Office: Campus Center (1C), Room 201

The Campus Center is the focal point of extra- and co-curricular student life. It houses the Office of Student Life, the Student Government and clubs, student publications, the Campus Activities Board, the CSI Association Inc., and the Auxiliary Services Corporation. Such services as the bookstore, cafeteria, Park Café, the Health and Wellness Center, the Wellness Program, the Peer Drop-in Center, and the Prayer/Meditation Room are located in the Campus Center. Lounges for entertainment and studying, a computer lab, a video game room, conference and meeting rooms, and lockers are available for student use. WSIA-FM (88.9) broadcasts from the Campus Center. Questions regarding use of facilities and locker rentals may be directed to the Campus Center, Room 201. The telephone number is 718.982.3071.

Center for the Arts

Office: Center for the Arts (1P), Room 116

The Center for the Arts contains, in the instructional wing, the Department of Media Culture and the Department of Performing and Creative Arts, studios, performance and rehearsal spaces, a screening room, a recital hall, a studio theater, film and video production facilities, and laboratories for communications and graphics. The workshops include facilities for print making, painting, sculpture, photography, electronic music, and recording. The Center houses the Clara and Arleigh B. Williamson Theatre, a 442-seat, proscenium-stage theater; a 911-seat Concert Hall; a recital hall and a lecture hall; and an art gallery. The Center for the Arts presents a year-round performing arts series that includes jazz, drama, dance, classical, popular, folk, world, country, and family programming.

Center for Global Engagement

Office: North Administration Building (2A), Room 206

Director, Stephen M. Ferst

The Center for Global Engagement encourages and supports the international component of the academic life of the College. The Center provides direction and assistance in matters affecting the College’s international student population, sponsors study abroad programs, directs scholar and student exchange programs, administers the English Language Institute, and facilitates international development programs. Guidance for the Center’s activities is provided by a faculty advisory committee.

English Language Institute (ELI)

The Institute, a member of the American Association of Intensive English Programs, offers intensive English language study and programs in American language and culture to international students and professionals. The Institute is supported by course fees. Admission to the English Language Institute does not constitute admission to the College.

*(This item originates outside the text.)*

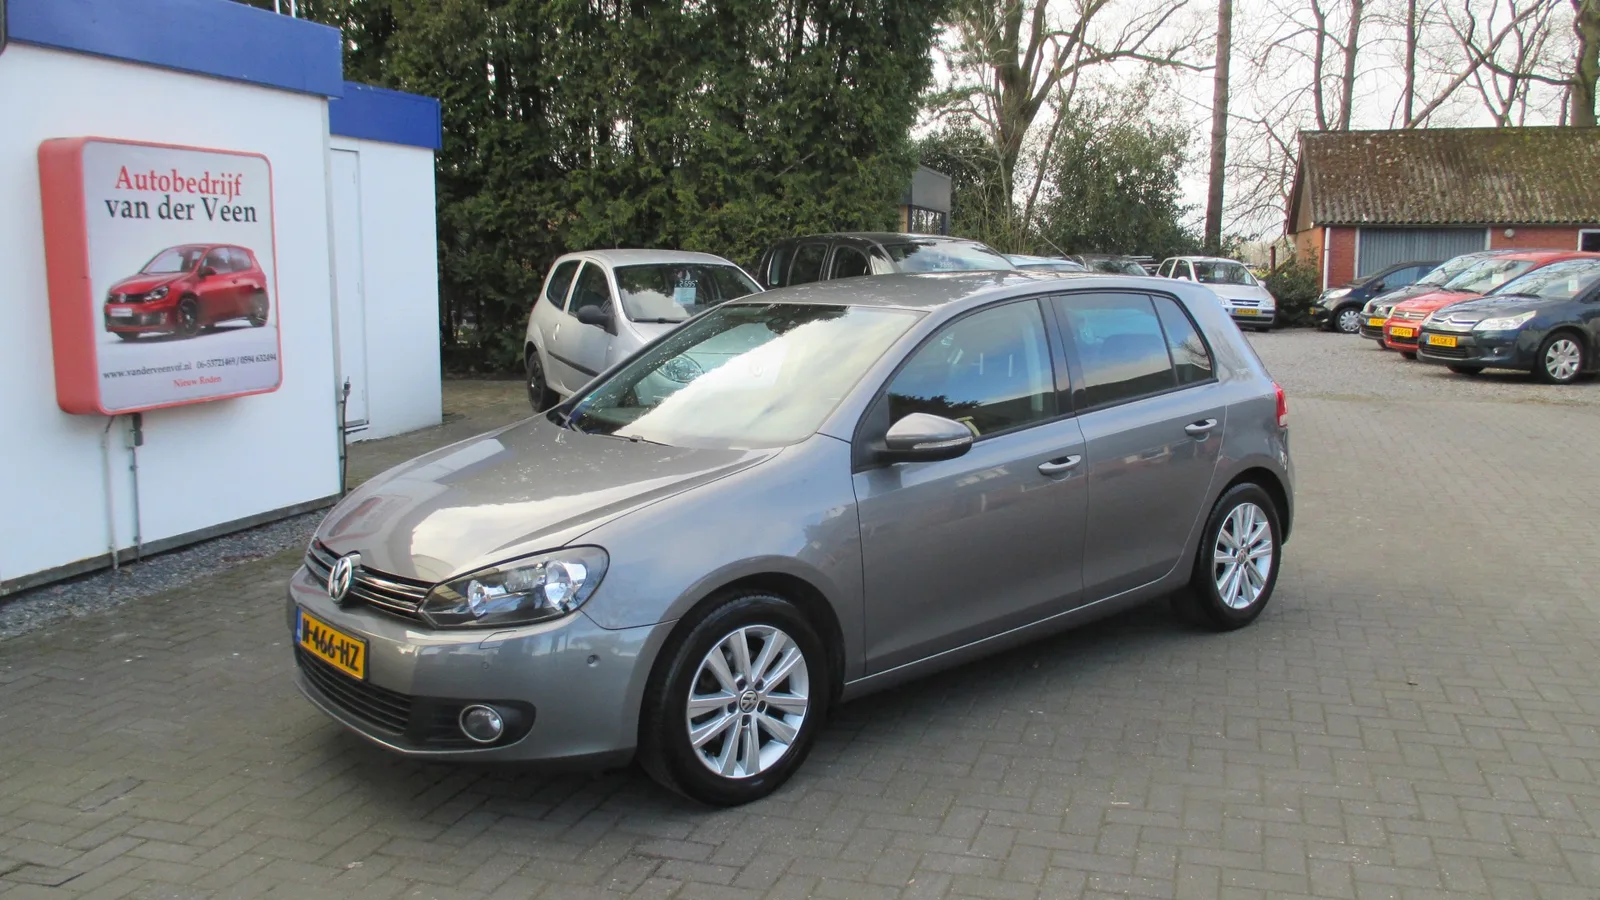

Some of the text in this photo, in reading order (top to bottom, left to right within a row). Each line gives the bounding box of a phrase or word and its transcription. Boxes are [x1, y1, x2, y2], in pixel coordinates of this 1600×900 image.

[115, 165, 243, 203] Autobedrijf
[104, 194, 258, 223] van der Veen
[172, 378, 198, 388] Nieuw

Foreign Student and Scholar Services

The staff, serving foreign students and scholars, processes immigration documentation; facilitates admission procedures; provides academic advisement, counseling, adjustment, and orientation to college life in the U.S.; and assists in off-campus housing.

Study Abroad Programs

The Center offers a variety of study abroad programs for undergraduate credit only with partner institutions around the world including the following: Nanjing University, Shanghai University, and the City University of Hong Kong in China; the Danish Institute for Study Abroad (DIS) in Copenhagen, Denmark; the Catholic University of Guayaquil and the University of San Francisco de Quito in Ecuador; Middlesex University in London, England; The American College of Thessaloniki in Greece; Scuola Lorenzo deMedici in Florence and Tuscania, The American University of Rome and the Istituto Venezia in Italy; the Universidad Internacional Menéndez Pelayo in Santanden, Spain; IPAG in Nice and Paris, France; Seinan Gakuin University in Fukuoka, Japan; and Dublin Institute of Technology in Ireland. Overseas study programs in more than 25 countries are open to CSI students through membership in the College Consortium for International Studies.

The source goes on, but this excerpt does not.